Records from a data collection

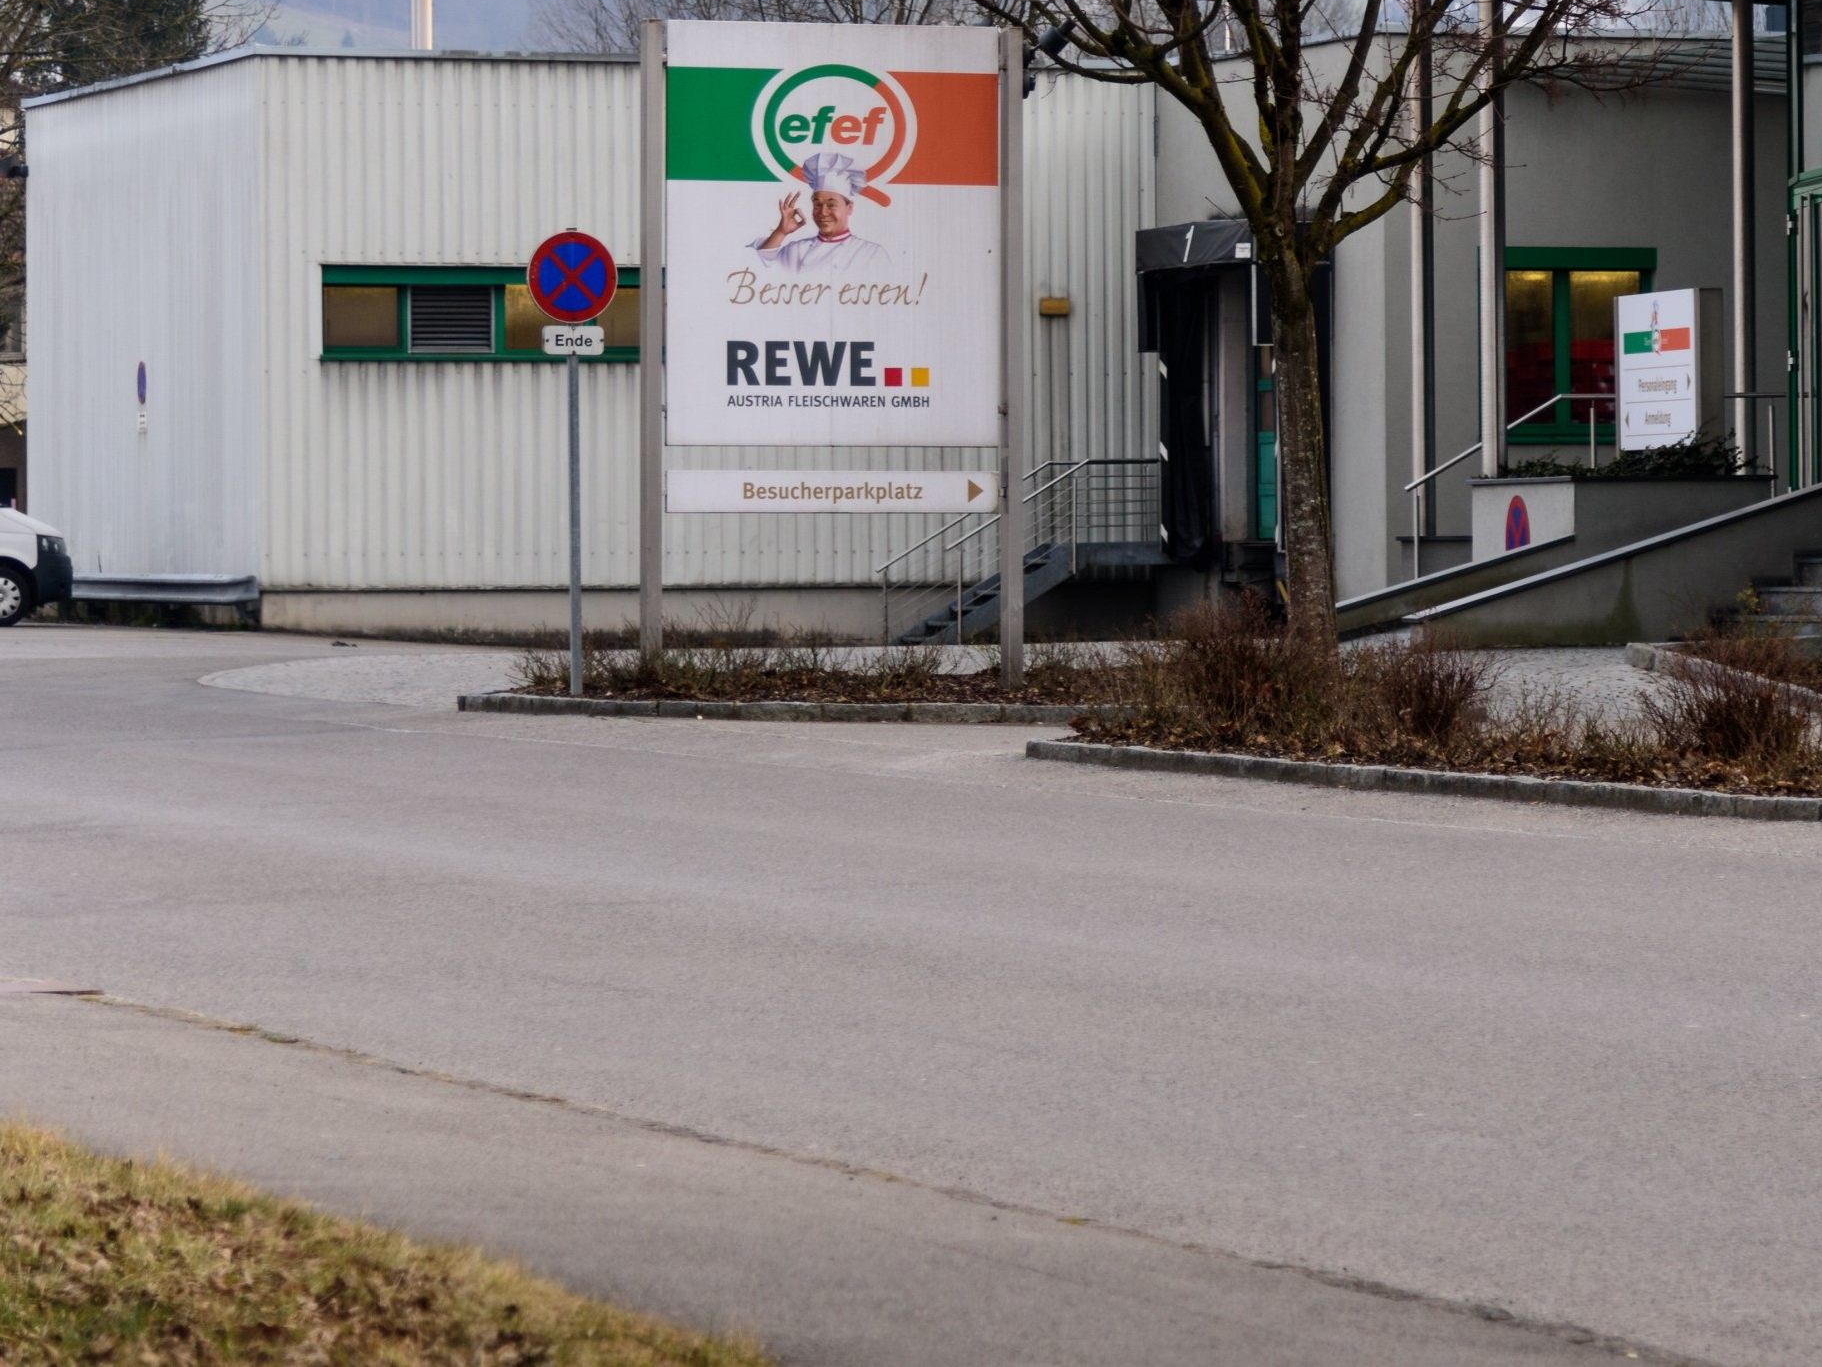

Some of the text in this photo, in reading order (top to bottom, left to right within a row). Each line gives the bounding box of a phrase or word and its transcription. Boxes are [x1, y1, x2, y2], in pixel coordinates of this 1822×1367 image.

[779, 105, 888, 145] efef
[1183, 225, 1195, 263] 1
[726, 266, 929, 307] Besser essen!
[554, 333, 593, 348] Ende
[726, 340, 877, 387] REWE
[727, 395, 931, 409] AUSTRIA FLEISCHWAREN GMBH
[742, 481, 924, 503] Besucherparkplatz
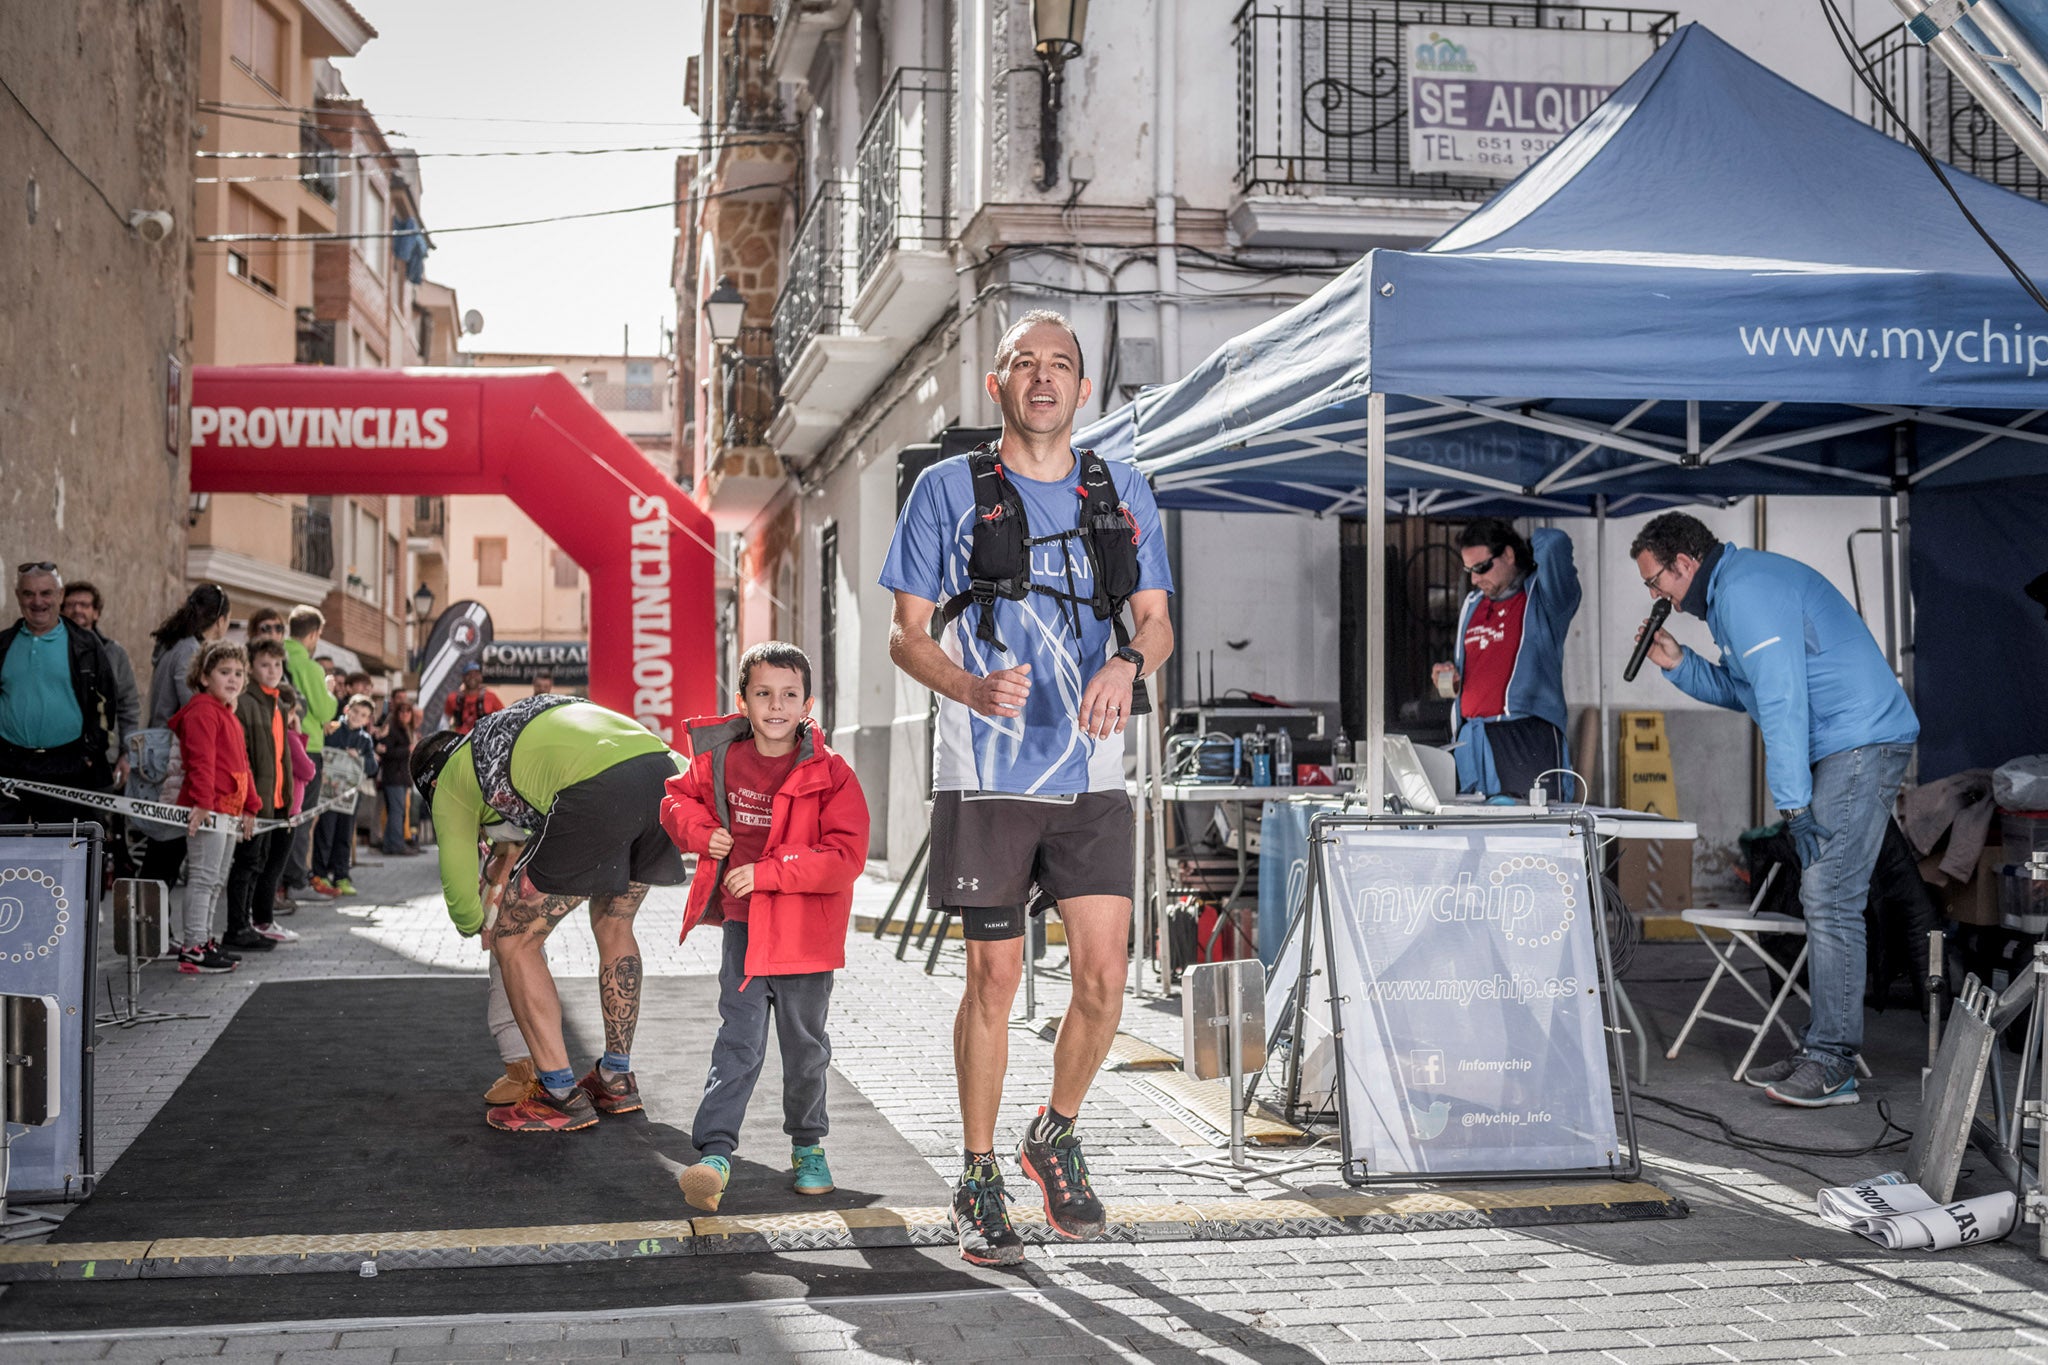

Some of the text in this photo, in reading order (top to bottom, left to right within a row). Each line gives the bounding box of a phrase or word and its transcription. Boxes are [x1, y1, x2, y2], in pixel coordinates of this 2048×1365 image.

[1419, 82, 1468, 126] SE
[1477, 137, 1511, 150] 651
[1478, 152, 1513, 164] 964
[191, 406, 449, 449] PROVINCIAS
[629, 495, 674, 745] PROVINCIAS
[1633, 773, 1667, 784] CAUTION
[130, 802, 191, 825] ROVINCIAS
[1356, 872, 1536, 935] mychip
[1360, 974, 1578, 1007] www.mychip.es
[1945, 1204, 1980, 1242] LAS
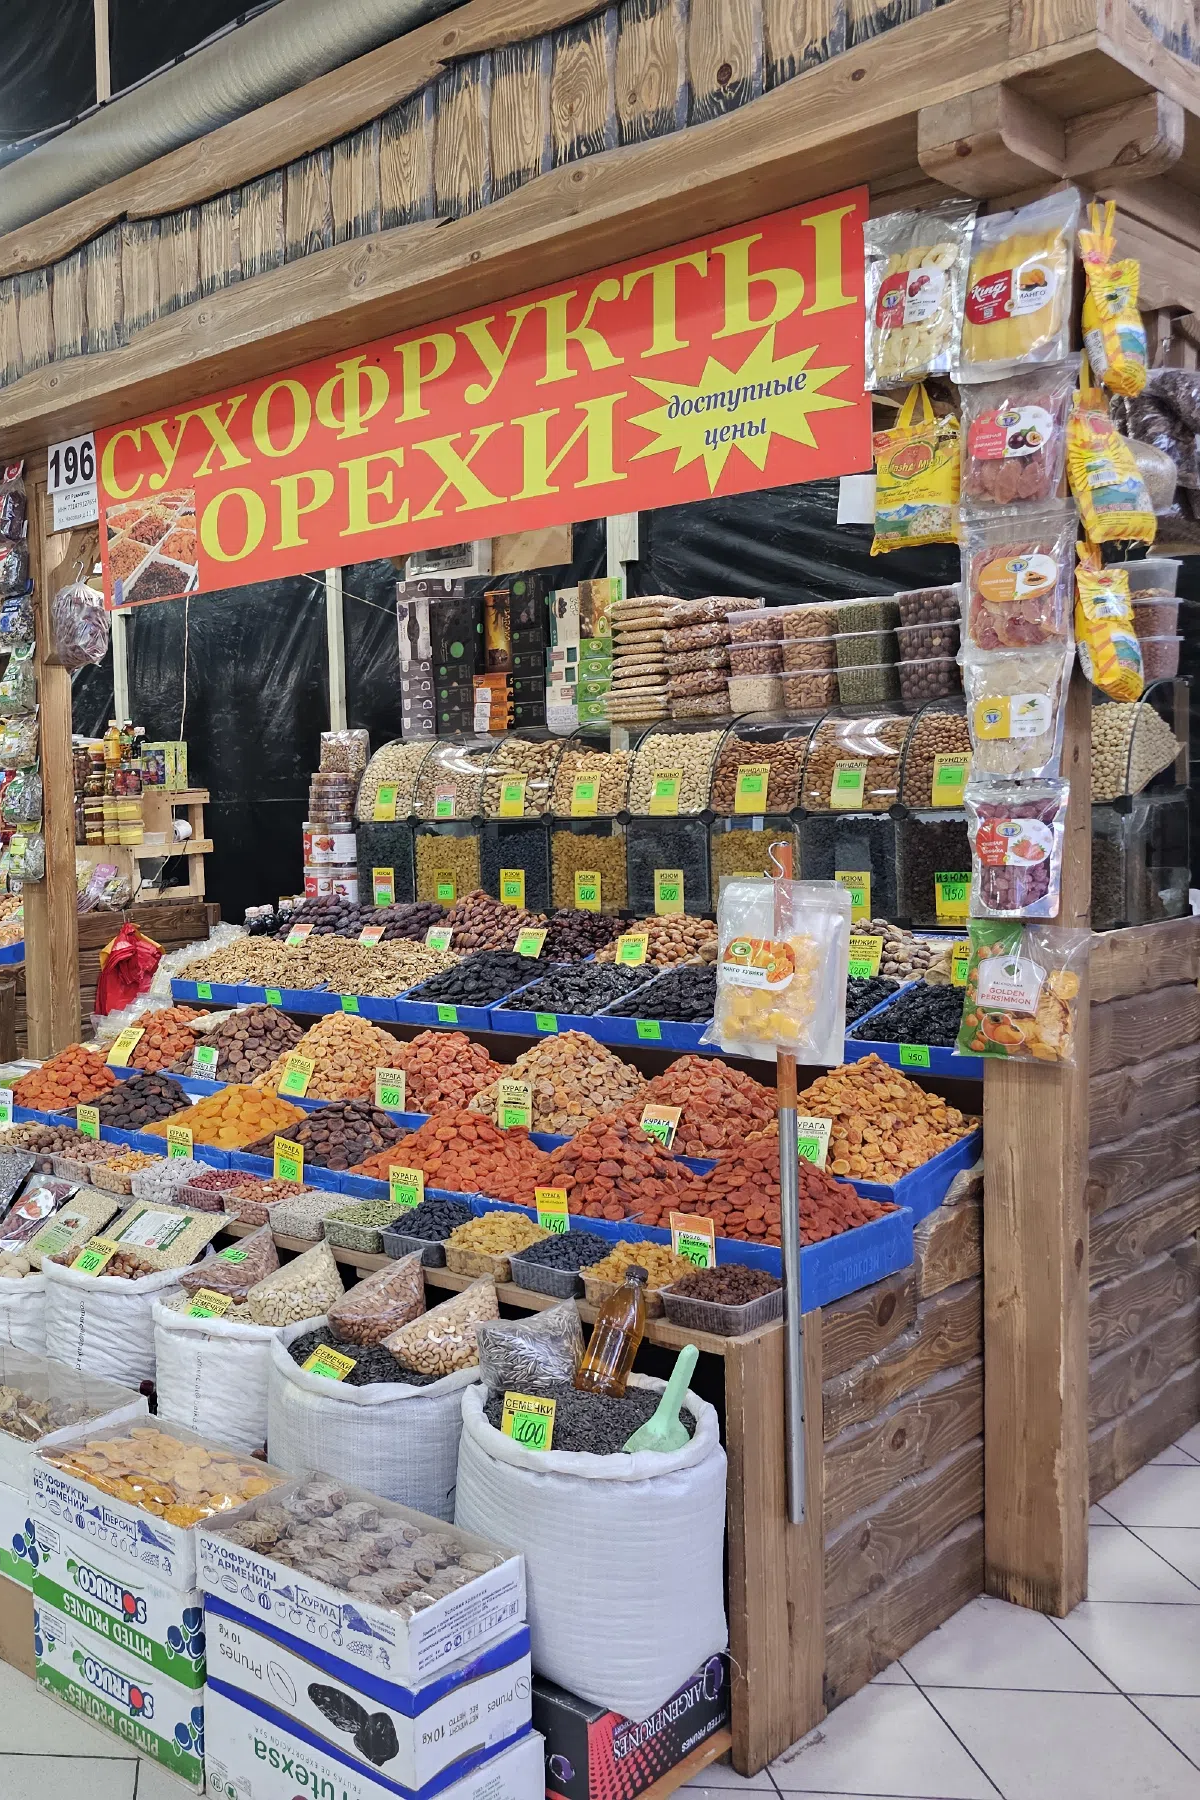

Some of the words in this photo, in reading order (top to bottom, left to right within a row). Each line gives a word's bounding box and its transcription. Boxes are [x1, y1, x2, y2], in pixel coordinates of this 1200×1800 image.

- **PROBLEM TO SOLVE**: Return every entry above exactly as written, with no pictures included.

- **FINISHED EXERCISE**:
Some of the text in this photo, in reading order (top to bottom, left to right within a row). Each line gives the bounding box of a phrase or word and its transcription. Boxes are [x1, y1, x2, y2], in pixel coordinates of this 1822×1367 image.

[779, 105, 888, 145] efef
[1183, 225, 1195, 263] 1
[726, 266, 929, 307] Besser essen!
[554, 333, 593, 348] Ende
[726, 340, 877, 387] REWE
[727, 395, 931, 409] AUSTRIA FLEISCHWAREN GMBH
[742, 481, 924, 503] Besucherparkplatz

Some of the text in this photo, in reading order (top to bottom, left to right within a row). Each line gives the bounding box of a phrase or word and its transcription. Boxes are [x1, y1, x2, y2], in pixel coordinates of this 2048×1365 image.

[1419, 82, 1468, 126] SE
[1477, 137, 1511, 150] 651
[1478, 152, 1513, 164] 964
[191, 406, 449, 449] PROVINCIAS
[629, 495, 674, 745] PROVINCIAS
[1633, 773, 1667, 784] CAUTION
[130, 802, 191, 825] ROVINCIAS
[1356, 872, 1536, 935] mychip
[1360, 974, 1578, 1007] www.mychip.es
[1945, 1204, 1980, 1242] LAS

Some of the words in this photo, in reading order (top to bottom, left to right within a row). Each line gives a word's bounding box and its transcription. Boxes are [x1, y1, x2, y2], in pixel coordinates of this 1200×1800 image.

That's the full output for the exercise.